A Texas court may exercise jurisdiction over a nonresident if the Texas long-arm statutes authorize the exercise of jurisdiction, and if the exercise of jurisdiction is consistent with state and federal constitutional guarantees of due process. Guardian Royal Exch. v. English China, 815 S.W.2d 223, 226 (Tex.1991); Schlobohm v. Schapiro, 784 S.W.2d 355, 356 (Tex.1990). Found at Tex. Civ. Prac. & Rem.Code Ann. §§ 17.041-17.069 (Vernon 1986), the statutes specifically authorize the exercise of jurisdiction over nonresidents “doing business” in Texas. When a person “commits a tort in whole or in part in [Texas]” he is, by statutory mandate, “doing business.” Tex. Civ. Prac. & Rem.Code Ann. § 17.042 (Vernon 1986). De Prins correctly argues that the tort of slander occurs in the state in which it is heard, i.e., published or circulated. Keeton v. Hustler Magazine, Inc., 465 U.S. 770, 777, 104 S.Ct. 1473, 1479, 79 L.Ed.2d 790 (1984). We will assume, therefore, for the purposes of the following discussion, that Appellees were “doing business” in the State of Texas. The proper focus in determining if a nonresident is subject to the jurisdiction of Texas courts, however, is constitutional limitations of due process, not technical definitions of “doing business.” Wright Waterproofing Co. v. Applied Polymers, 602 S.W.2d 67, 70 (Tex.Civ.App.-Dallas 1980, writ ref'd n.r.e.).

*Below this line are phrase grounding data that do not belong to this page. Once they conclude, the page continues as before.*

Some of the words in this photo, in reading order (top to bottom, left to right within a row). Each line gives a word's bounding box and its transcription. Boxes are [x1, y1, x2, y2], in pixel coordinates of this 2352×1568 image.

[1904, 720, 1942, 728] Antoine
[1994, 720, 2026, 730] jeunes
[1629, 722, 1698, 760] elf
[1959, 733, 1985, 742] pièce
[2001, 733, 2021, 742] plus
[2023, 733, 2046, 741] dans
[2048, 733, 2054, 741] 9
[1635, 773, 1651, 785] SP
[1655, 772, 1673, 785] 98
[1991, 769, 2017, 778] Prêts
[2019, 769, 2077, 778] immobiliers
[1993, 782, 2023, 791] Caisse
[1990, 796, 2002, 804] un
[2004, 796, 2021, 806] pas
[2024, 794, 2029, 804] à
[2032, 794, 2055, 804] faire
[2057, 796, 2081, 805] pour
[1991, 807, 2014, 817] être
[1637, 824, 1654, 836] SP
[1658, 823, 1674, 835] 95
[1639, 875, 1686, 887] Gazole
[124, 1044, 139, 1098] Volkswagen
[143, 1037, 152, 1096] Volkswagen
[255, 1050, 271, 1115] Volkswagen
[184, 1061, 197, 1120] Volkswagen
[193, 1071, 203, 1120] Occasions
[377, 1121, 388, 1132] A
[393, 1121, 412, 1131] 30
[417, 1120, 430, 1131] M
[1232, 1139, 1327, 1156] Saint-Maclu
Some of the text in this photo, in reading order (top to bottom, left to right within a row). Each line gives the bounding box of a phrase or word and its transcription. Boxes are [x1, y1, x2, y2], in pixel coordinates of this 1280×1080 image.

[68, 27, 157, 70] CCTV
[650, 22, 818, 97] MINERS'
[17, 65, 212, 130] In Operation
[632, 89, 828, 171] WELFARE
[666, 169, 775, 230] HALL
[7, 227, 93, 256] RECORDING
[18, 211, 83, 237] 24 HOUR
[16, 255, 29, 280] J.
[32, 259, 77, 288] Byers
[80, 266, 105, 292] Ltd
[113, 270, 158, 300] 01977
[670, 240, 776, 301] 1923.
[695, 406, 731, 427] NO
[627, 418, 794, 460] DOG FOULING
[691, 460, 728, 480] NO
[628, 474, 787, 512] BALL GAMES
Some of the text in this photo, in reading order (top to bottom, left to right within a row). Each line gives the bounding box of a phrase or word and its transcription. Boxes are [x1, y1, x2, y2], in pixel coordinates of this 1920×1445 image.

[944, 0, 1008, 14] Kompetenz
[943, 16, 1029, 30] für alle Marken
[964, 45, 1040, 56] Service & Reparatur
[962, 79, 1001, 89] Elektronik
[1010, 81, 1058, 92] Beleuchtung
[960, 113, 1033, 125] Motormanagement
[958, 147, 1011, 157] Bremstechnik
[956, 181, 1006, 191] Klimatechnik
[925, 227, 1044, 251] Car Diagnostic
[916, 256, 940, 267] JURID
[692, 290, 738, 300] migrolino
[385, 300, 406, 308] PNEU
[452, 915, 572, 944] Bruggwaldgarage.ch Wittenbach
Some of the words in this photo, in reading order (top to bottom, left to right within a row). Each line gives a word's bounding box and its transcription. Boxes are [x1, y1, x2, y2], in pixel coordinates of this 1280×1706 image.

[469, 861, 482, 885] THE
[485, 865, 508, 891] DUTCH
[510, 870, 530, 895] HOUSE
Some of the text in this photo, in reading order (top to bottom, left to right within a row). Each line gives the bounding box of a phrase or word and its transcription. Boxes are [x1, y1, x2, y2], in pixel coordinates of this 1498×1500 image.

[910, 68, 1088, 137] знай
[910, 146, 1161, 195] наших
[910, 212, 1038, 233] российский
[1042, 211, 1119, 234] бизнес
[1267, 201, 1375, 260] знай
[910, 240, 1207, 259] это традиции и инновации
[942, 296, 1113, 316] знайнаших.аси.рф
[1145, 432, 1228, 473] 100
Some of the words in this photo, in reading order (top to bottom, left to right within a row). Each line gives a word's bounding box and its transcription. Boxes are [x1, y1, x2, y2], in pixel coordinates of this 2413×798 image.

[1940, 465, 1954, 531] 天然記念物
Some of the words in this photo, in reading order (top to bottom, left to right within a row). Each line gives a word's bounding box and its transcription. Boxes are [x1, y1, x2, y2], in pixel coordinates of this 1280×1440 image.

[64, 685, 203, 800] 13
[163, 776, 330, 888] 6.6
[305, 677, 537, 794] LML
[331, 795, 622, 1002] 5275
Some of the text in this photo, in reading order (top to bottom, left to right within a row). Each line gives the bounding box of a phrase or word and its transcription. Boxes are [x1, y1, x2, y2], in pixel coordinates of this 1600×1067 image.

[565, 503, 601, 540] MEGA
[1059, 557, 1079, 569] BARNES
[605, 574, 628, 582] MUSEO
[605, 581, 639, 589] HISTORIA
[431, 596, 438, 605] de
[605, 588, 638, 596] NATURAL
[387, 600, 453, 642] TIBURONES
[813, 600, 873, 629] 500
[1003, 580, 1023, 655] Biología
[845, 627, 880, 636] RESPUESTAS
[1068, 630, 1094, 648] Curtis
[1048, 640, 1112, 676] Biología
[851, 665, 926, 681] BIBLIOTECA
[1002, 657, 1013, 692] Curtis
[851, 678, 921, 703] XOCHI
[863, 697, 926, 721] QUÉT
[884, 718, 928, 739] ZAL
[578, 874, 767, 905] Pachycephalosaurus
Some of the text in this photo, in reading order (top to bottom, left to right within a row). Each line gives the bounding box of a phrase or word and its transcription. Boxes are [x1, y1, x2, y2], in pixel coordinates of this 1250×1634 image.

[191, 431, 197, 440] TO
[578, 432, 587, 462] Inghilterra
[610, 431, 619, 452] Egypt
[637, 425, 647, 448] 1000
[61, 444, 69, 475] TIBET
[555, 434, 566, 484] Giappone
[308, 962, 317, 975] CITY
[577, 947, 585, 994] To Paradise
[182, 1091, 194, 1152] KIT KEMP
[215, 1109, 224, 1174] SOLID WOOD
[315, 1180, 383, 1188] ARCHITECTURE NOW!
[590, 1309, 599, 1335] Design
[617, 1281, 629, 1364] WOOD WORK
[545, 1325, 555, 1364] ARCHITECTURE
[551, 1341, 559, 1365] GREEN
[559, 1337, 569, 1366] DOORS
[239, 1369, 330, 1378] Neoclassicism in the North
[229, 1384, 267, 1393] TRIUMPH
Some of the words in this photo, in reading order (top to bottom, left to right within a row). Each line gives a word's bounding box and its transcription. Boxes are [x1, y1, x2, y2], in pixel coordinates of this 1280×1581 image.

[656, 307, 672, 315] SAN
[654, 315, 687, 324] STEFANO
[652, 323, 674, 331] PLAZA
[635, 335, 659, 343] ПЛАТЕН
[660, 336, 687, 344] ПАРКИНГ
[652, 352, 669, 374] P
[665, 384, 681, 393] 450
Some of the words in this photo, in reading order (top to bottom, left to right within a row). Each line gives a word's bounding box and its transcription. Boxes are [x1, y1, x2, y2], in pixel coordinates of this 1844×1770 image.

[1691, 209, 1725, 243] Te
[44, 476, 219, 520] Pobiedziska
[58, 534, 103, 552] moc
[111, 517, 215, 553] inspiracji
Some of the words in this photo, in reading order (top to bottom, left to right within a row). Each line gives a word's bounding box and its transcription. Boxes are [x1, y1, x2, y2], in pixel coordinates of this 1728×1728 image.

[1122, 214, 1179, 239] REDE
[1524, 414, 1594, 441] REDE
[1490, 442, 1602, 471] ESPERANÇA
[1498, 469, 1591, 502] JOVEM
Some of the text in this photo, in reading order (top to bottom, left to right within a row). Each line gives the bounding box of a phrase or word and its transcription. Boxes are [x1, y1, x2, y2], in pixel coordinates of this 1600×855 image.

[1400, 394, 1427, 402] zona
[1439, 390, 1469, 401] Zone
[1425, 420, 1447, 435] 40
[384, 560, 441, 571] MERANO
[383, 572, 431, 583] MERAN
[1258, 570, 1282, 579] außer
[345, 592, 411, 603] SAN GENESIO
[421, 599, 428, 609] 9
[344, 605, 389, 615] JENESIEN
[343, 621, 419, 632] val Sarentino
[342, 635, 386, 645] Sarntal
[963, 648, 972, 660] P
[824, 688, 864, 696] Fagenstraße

In order to comply with the federal constitutional requirements of due process, the plaintiff must initially show that the defendant had established “minimum contacts” with the forum state. Int'l Shoe Co. v. Washington, 326 U.S. 310, 316, 66 S.Ct. 154, 158, 90 L.Ed. 95 (1945); In re S.A.V., 837 S.W.2d 80, 85 (Tex.1992); Guardian Royal, 815 S.W.2d at 230. “Minimum contacts” is a prerequisite because a fundamental goal of the due process test is to protect nonresident defendants. Schlobohm, 784 S.W.2d at 357. There must be a “substantial connection” between the defendant and Texas arising from action or conduct of the defendant purposefully directed toward Texas. Guardian Royal, 815 S.W.2d at 230. The trial court must examine whether the nonresident defendant has “purposefully availed” itself of the privilege of conducting activities within the forum state, thereby invoking the benefits and protections of its laws. Id. at 226. The concept of “purposeful availment” insures that a nonresident will not be hailed into a jurisdiction based upon “random,” “fortuitous,” or “attenuated” contacts with the forum. Id. The purported contacts, whether drawn from conduct occurring inside or outside the forum, must justify a conclusion that the defendant should reasonably anticipate being called into that forum's courts. World-Wide Volkswagen Corp. v. Woodson, 444 U.S. 286, 297, 100 S.Ct. 559, 567, 62 L.Ed.2d 490 (1980); Guardian Royal, 815 S.W.2d at 226.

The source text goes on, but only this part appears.